- RECORDS SHOWN:
^^^^^^^^

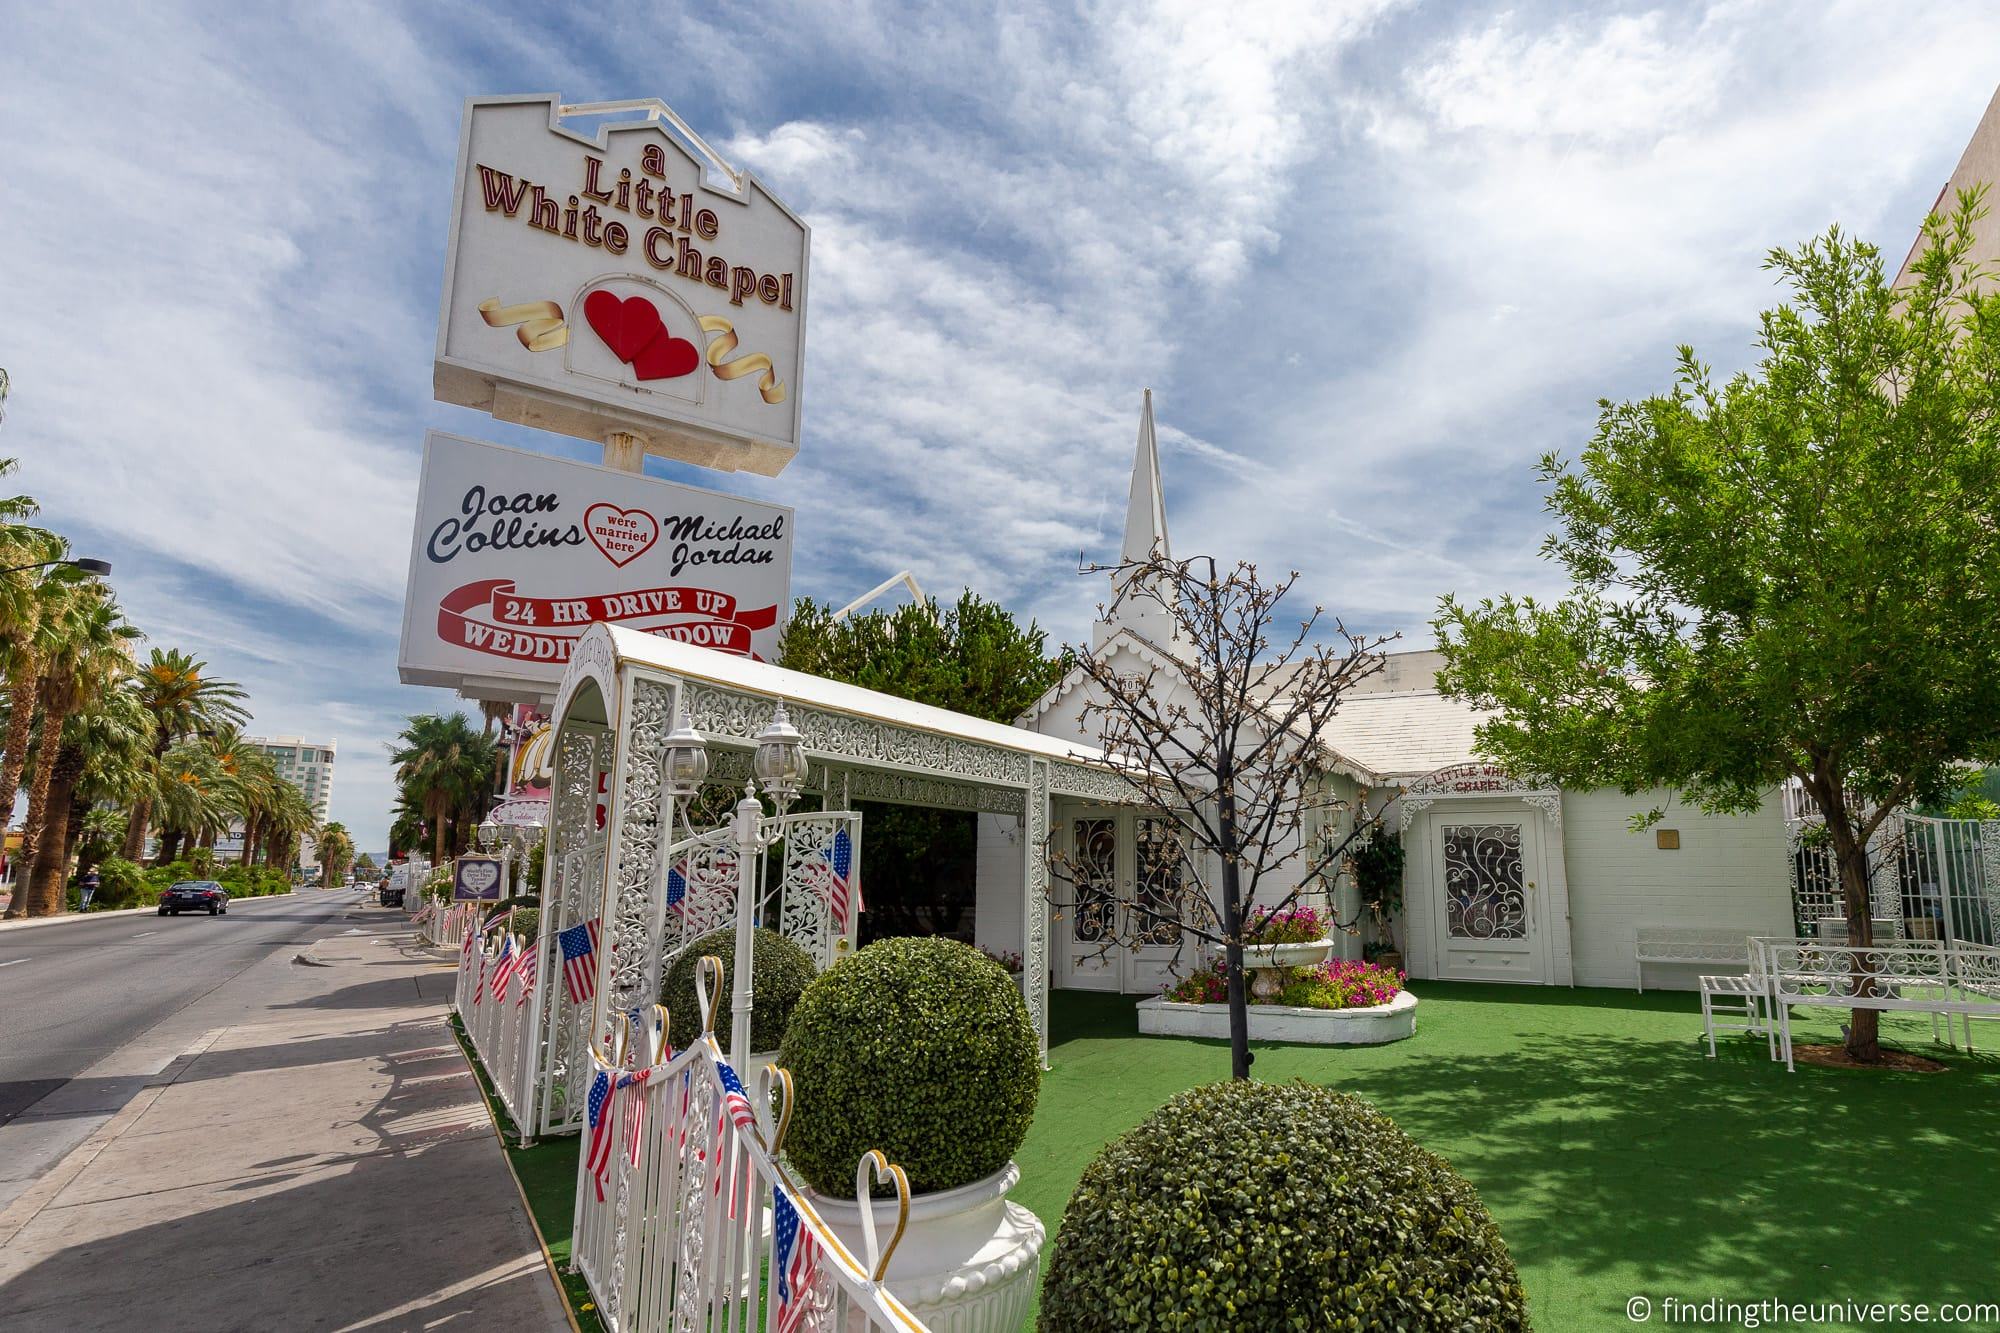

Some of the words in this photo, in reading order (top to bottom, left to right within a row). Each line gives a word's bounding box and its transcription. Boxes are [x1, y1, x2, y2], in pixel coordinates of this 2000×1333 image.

[641, 143, 667, 179] a
[582, 154, 719, 241] Little
[476, 162, 630, 255] White
[643, 225, 795, 312] Chapel
[461, 485, 560, 532] Joan
[607, 515, 637, 529] were
[427, 517, 586, 564] Collins
[595, 526, 648, 543] married
[606, 538, 635, 553] here
[663, 515, 784, 542] Michael
[670, 541, 774, 577] Jordan
[504, 600, 537, 625] 24
[551, 601, 593, 623] HR
[602, 590, 683, 618] DRIVE
[696, 591, 728, 614] UP
[464, 621, 580, 660] WEDDI
[1432, 766, 1478, 785] LITTLE
[1455, 779, 1504, 792] CHAPEL
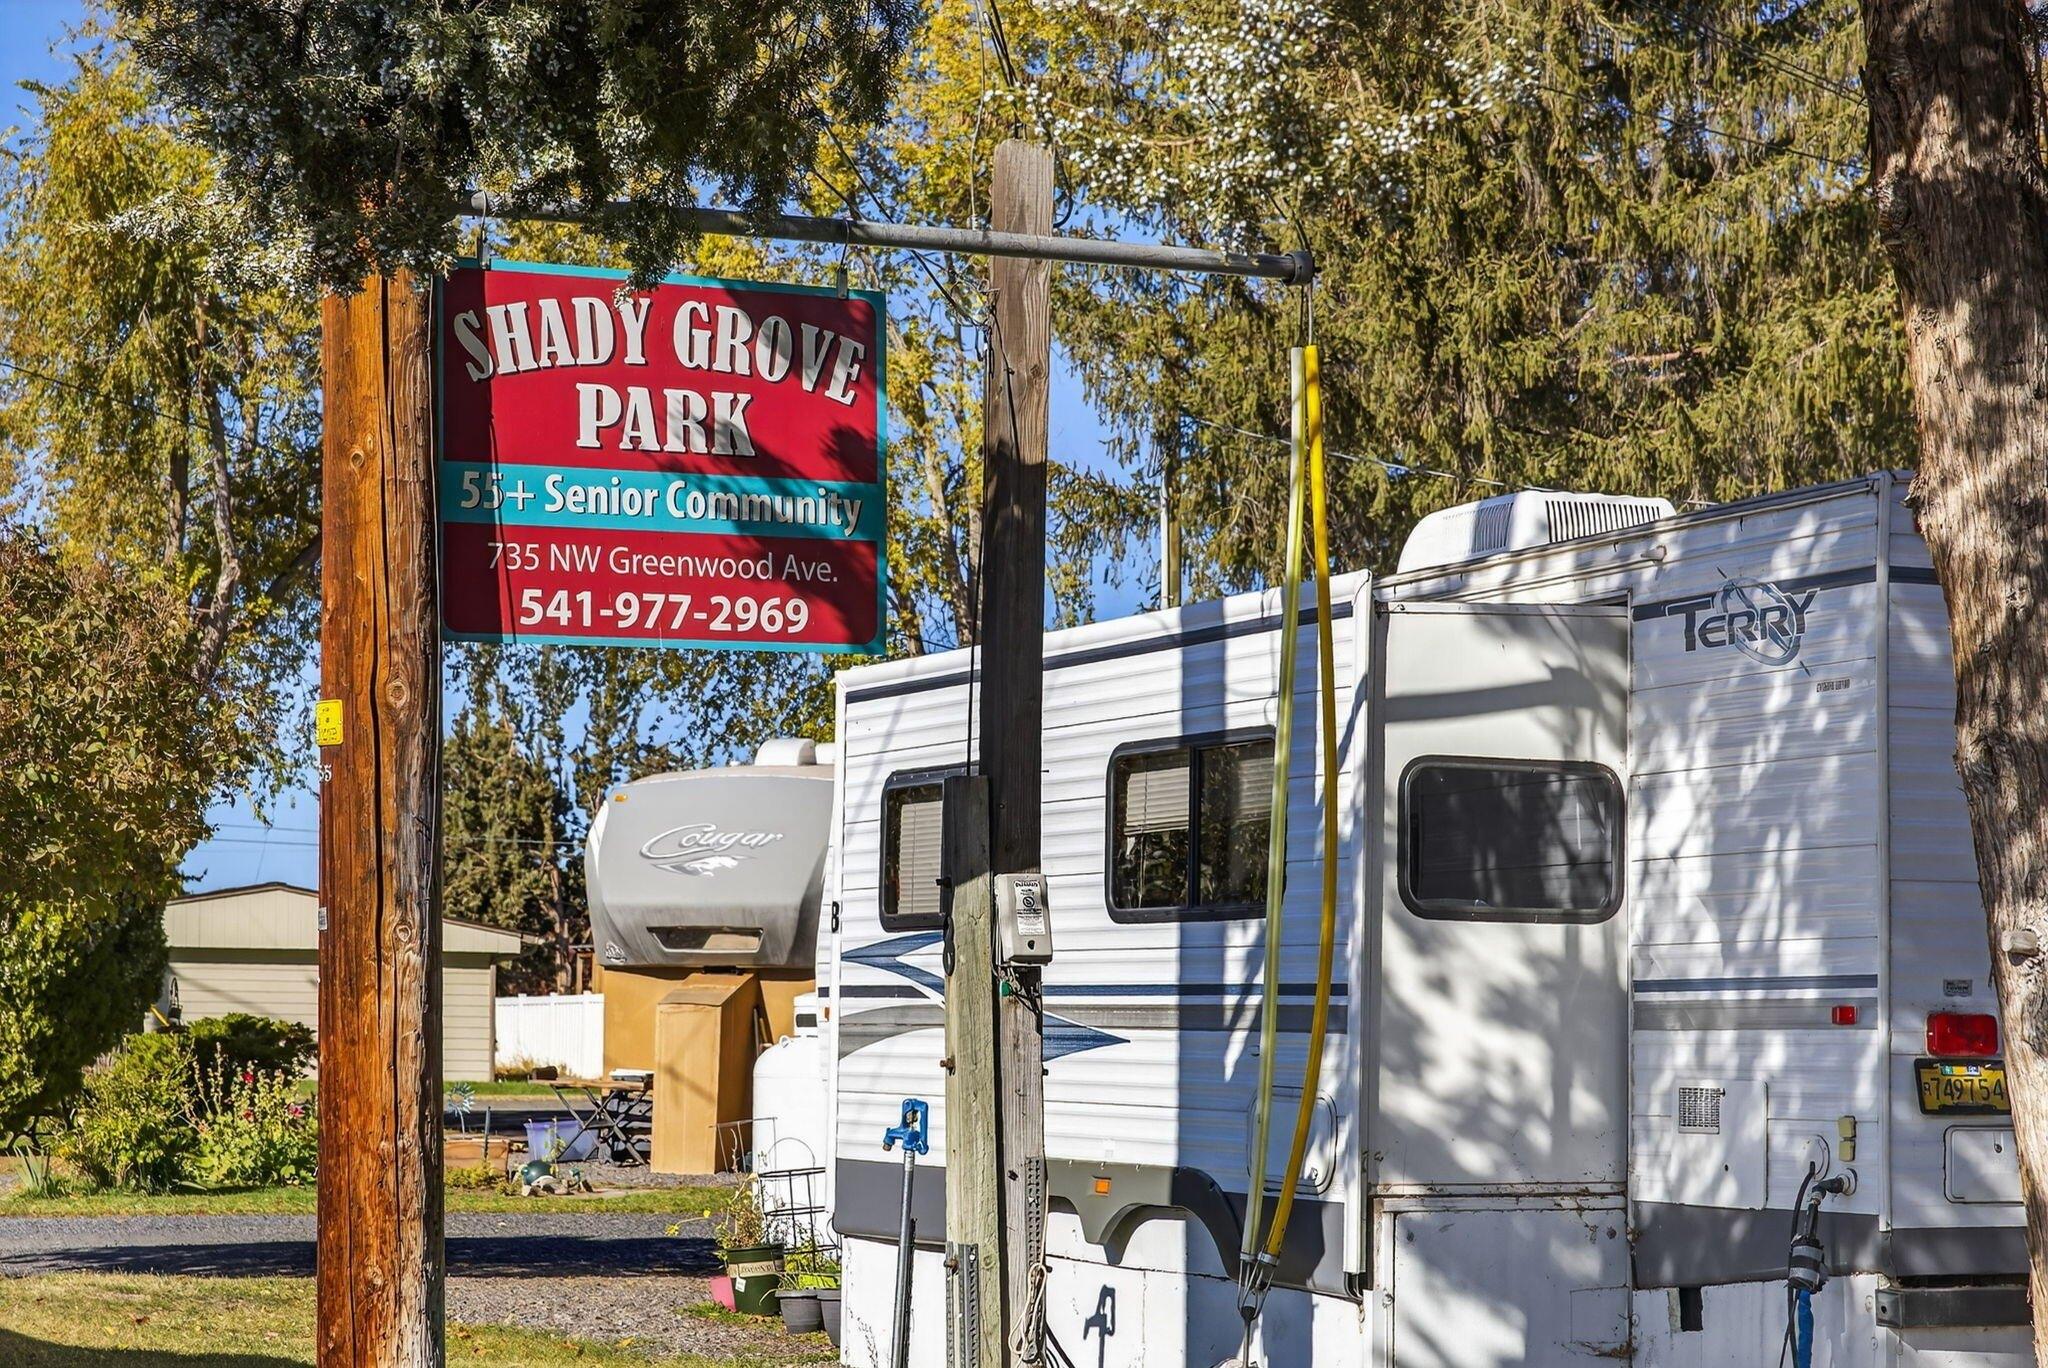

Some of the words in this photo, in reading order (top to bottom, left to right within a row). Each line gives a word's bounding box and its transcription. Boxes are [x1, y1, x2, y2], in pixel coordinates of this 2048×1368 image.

[454, 296, 651, 383] SHADY
[673, 300, 867, 406] GROVE
[575, 382, 756, 458] PARK
[459, 470, 536, 511] 55+
[544, 474, 660, 519] Senior
[667, 480, 862, 537] Community
[487, 542, 540, 572] 735
[550, 544, 602, 574] NW
[608, 546, 773, 581] Greenwood
[781, 553, 838, 583] Ave.
[519, 589, 809, 634] 541-977-2969
[1666, 587, 1821, 653] TERRY
[639, 822, 784, 860] Cougar

^^^^^^^^

- WORK INSTRUCTIONS: Copy out all the data above exactly, pictures excluded.

- ANSWER BOX:
Some of the words in this photo, in reading order (top to bottom, left to right within a row). Each line gives a word's bounding box and its transcription. Boxes are [x1, y1, x2, y2], in pixel coordinates of this 2000×1333 image.

[641, 143, 667, 179] a
[582, 154, 719, 241] Little
[476, 162, 630, 255] White
[643, 225, 795, 312] Chapel
[461, 485, 560, 532] Joan
[607, 515, 637, 529] were
[427, 517, 586, 564] Collins
[595, 526, 648, 543] married
[606, 538, 635, 553] here
[663, 515, 784, 542] Michael
[670, 541, 774, 577] Jordan
[504, 600, 537, 625] 24
[551, 601, 593, 623] HR
[602, 590, 683, 618] DRIVE
[696, 591, 728, 614] UP
[464, 621, 580, 660] WEDDI
[1432, 766, 1478, 785] LITTLE
[1455, 779, 1504, 792] CHAPEL

Some of the words in this photo, in reading order (top to bottom, left to right within a row). Each line gives a word's bounding box and its transcription. Boxes are [x1, y1, x2, y2], in pixel coordinates of this 2048×1368 image.

[454, 296, 651, 383] SHADY
[673, 300, 867, 406] GROVE
[575, 382, 756, 458] PARK
[459, 470, 536, 511] 55+
[544, 474, 660, 519] Senior
[667, 480, 862, 537] Community
[487, 542, 540, 572] 735
[550, 544, 602, 574] NW
[608, 546, 773, 581] Greenwood
[781, 553, 838, 583] Ave.
[519, 589, 809, 634] 541-977-2969
[1666, 587, 1821, 653] TERRY
[639, 822, 784, 860] Cougar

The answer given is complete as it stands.